The wind and the night seemed endless. My
bedroom groaned like a ghost while trees continued thrashing against the sky
and my dreams were shaking like a pair of false teeth in an old-folks home during
an earthquake.

They jumped around in a bedside glass like
a fish.

I cast off the chains of my last dream and
my eyes tunnelled out of sleep at dawn. I got out of bed quickly and dressed
and went outside. I wanted to escape anything that had to do with sleep.

I was greeted by all the chickens standing
outside the chicken house in a blown group staring at me. They were about
thirty feet away. The wind had turned the latch on the chicken house door and
then it had opened the door and there were all the chickens staring at me.

Of course when a door is open, chickens
have to go out and stand in the wind. That’s the way chickens think. They were
lucky that they were not blown away. They would have been very surprised if
they had found themselves in Idaho.

The dawn and the wind were the color and
movement of a gray ax. The chickens stared accusingly at me as if it were my
fault that the wind was blowing so hard, that I had something to do with it and
maybe even opened their God-damn door!

Florida

Sometimes it’s nice to get mail here
in the winter. I walk out through the snow and there are letters waiting for me
in the mailbox. I take them back into the house and see what they are about.

I have a large blue mailbox like a small
barn for letters. I have double-feelings about the mail: the + and – of letters.
Some letters are interruptions and distractions, requesting, pleading or
demanding! a piece of my life, most often from people that I have never met.

I wonder if I were to ask them as a
personal favor to me not to take a bath for a week if they would do it. I don’t
think so, and some of the things they want me to do are just as inconvenient.

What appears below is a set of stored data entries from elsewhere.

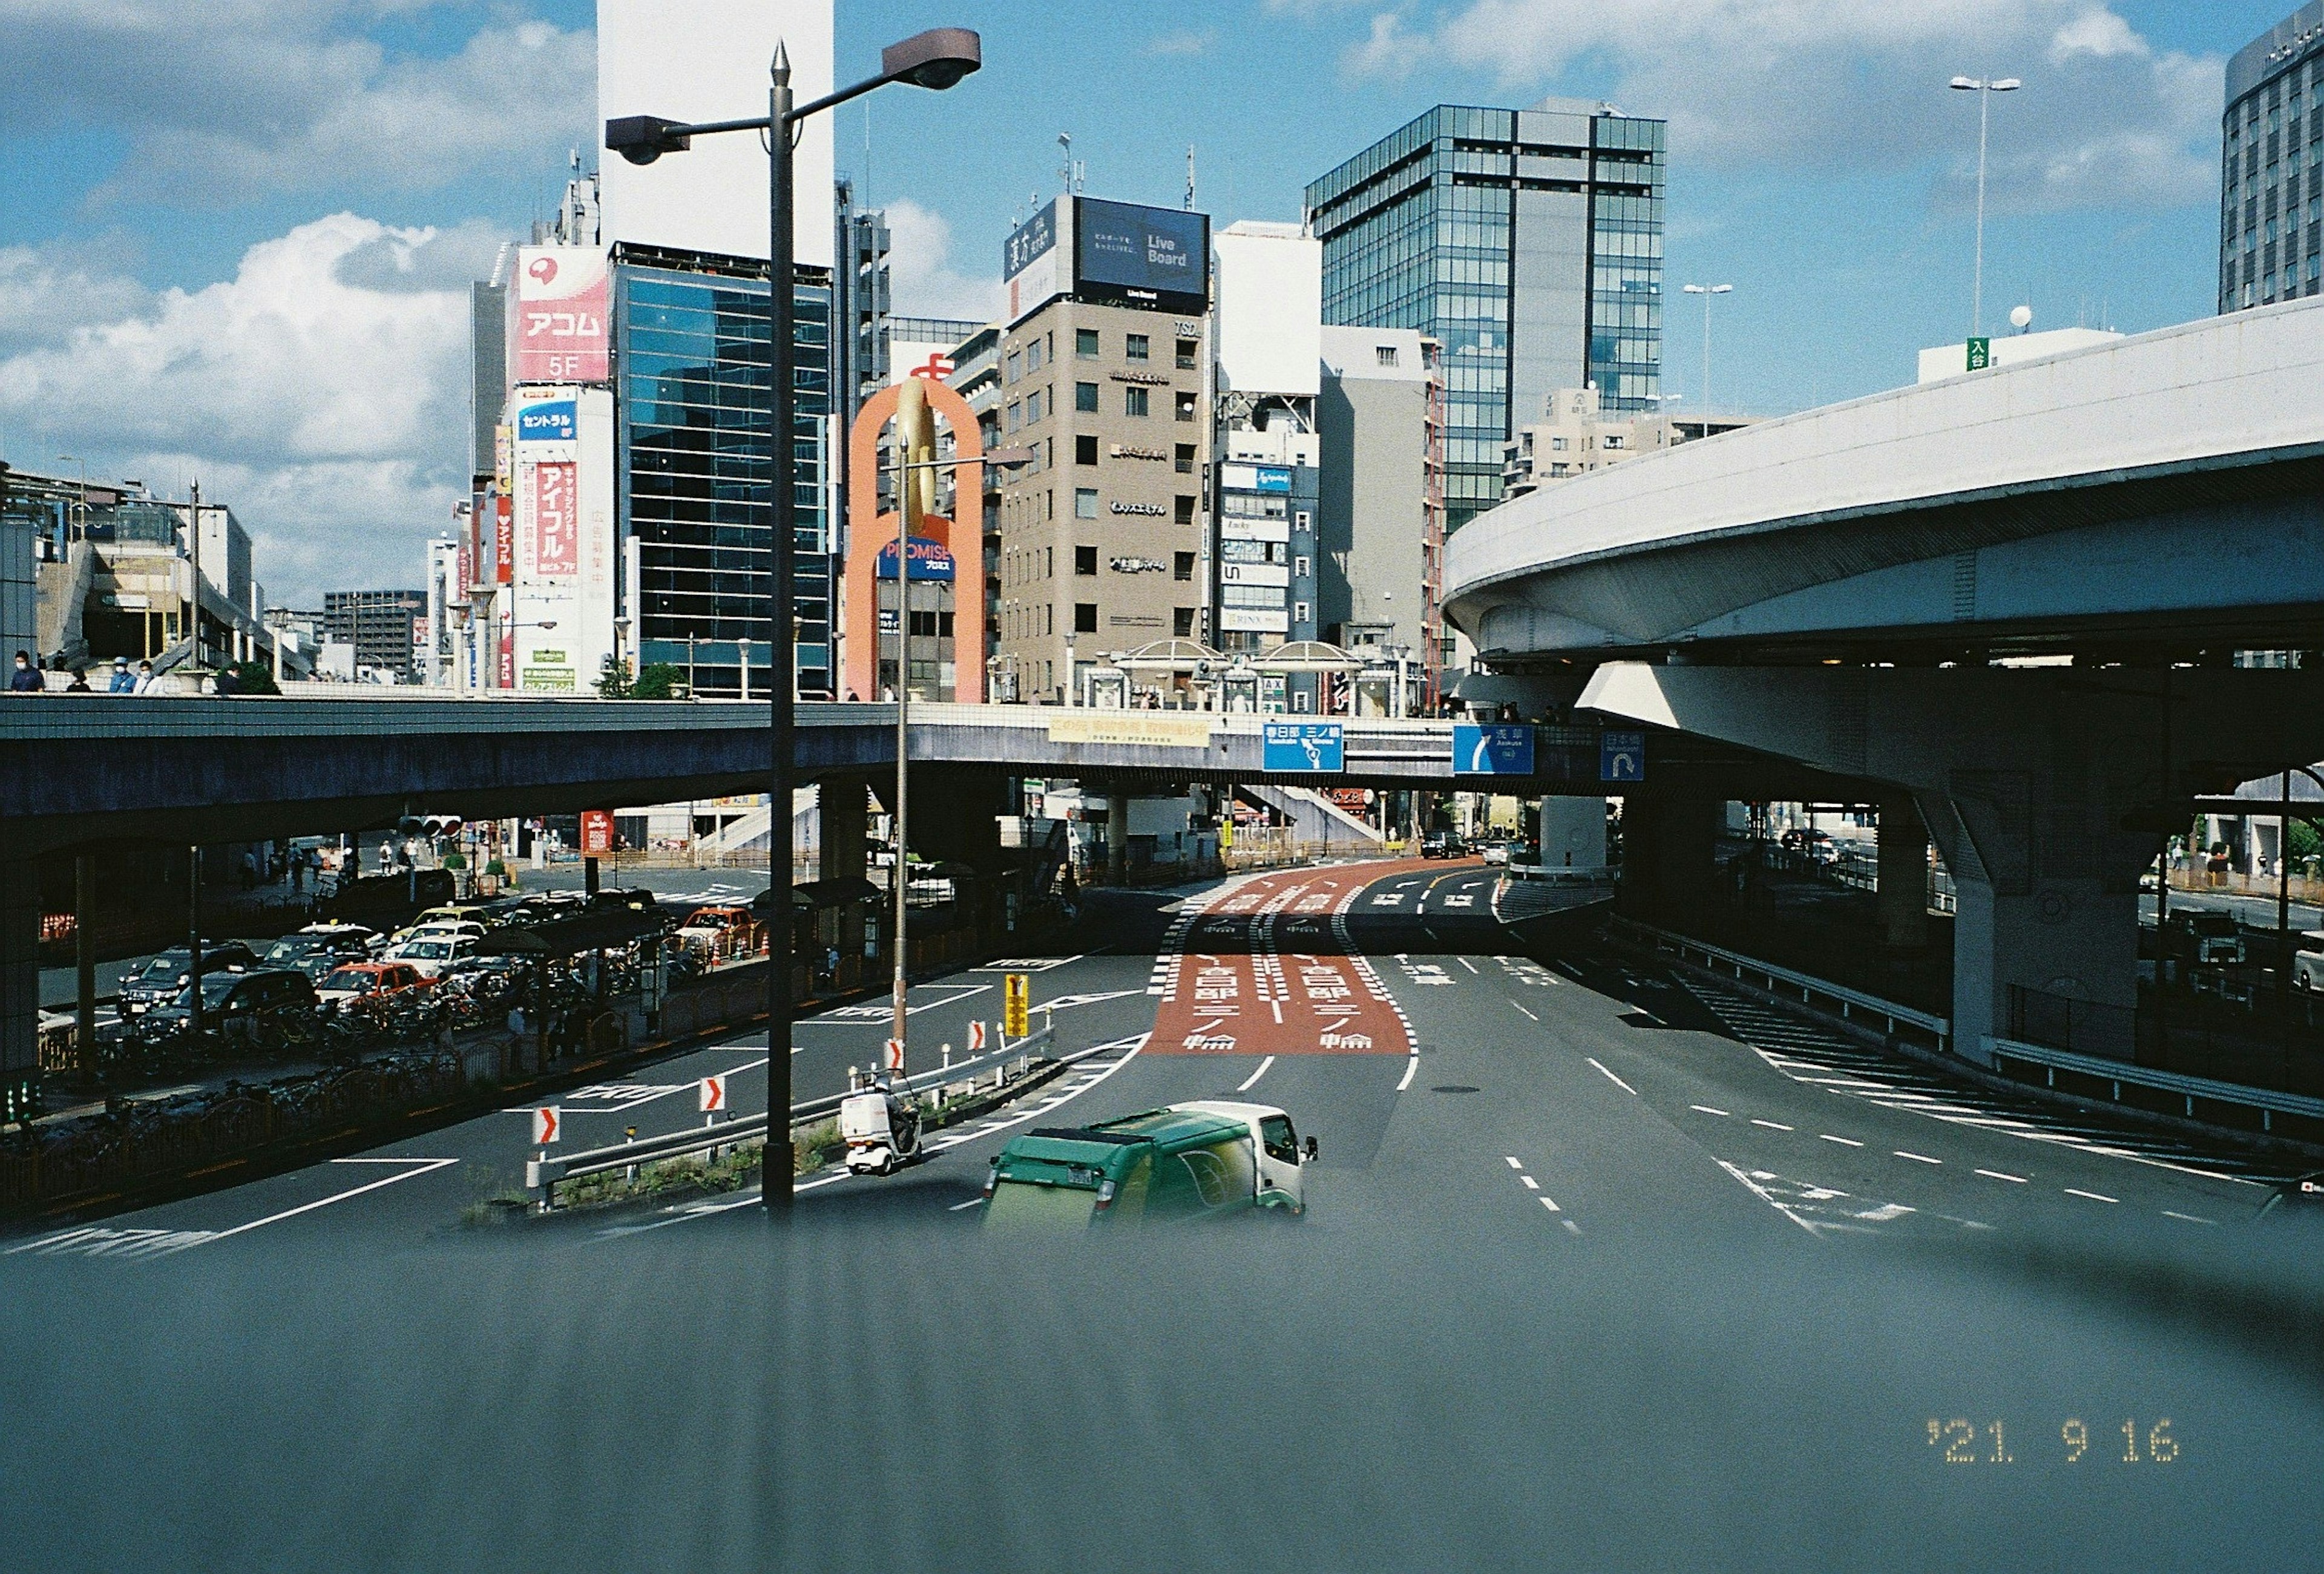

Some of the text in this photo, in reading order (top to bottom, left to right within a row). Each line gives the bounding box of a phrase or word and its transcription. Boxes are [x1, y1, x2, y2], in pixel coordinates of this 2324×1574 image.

[1147, 234, 1175, 251] Live
[1147, 249, 1187, 267] Board
[527, 312, 600, 337] アコム
[1175, 320, 1196, 337] TSD
[548, 356, 579, 376] 5F
[523, 414, 571, 428] セントラル
[542, 467, 564, 559] アイフル
[498, 526, 511, 565] アイフル
[886, 542, 951, 561] POMISE
[925, 560, 950, 571] プロミス
[1265, 726, 1341, 738] 春日部 三ノ輪
[1495, 729, 1523, 740] 浅草
[1606, 733, 1641, 745] 日本橋

Other letters are like glasses of cold
water clear as the North Star on a very hot summer afternoon. They make me feel
better and renew me and I am glad that I’m alive.

Bills are forms of existential geography.
They are the $ maps of where we have been.

Sometimes, frustrating.

Sometimes, pleasing.

Sometimes, nothing.

This is outrageous! I refuse to pay!
or
That’s fair, even cheaper than I expected. They did good work
and charged a fair price
or
Oh, this bill for three dollars. I thought I
paid that, but I guess I didn’t
.

Junk mail is just junk mail.

It passes anonymously through my hands and
into the fireplace where after a few flames it’s gone. There was no pain because
there was no life.

This morning I went out to the mailbox and
opened its blue metal barn door and there was nothing for me. I closed the door
and put my hand on top of the mailbox. It was nice and warm from the sun and
felt good, almost like being in Florida for a few seconds. We’ve had some cold weather
here with snow on the ground for a month.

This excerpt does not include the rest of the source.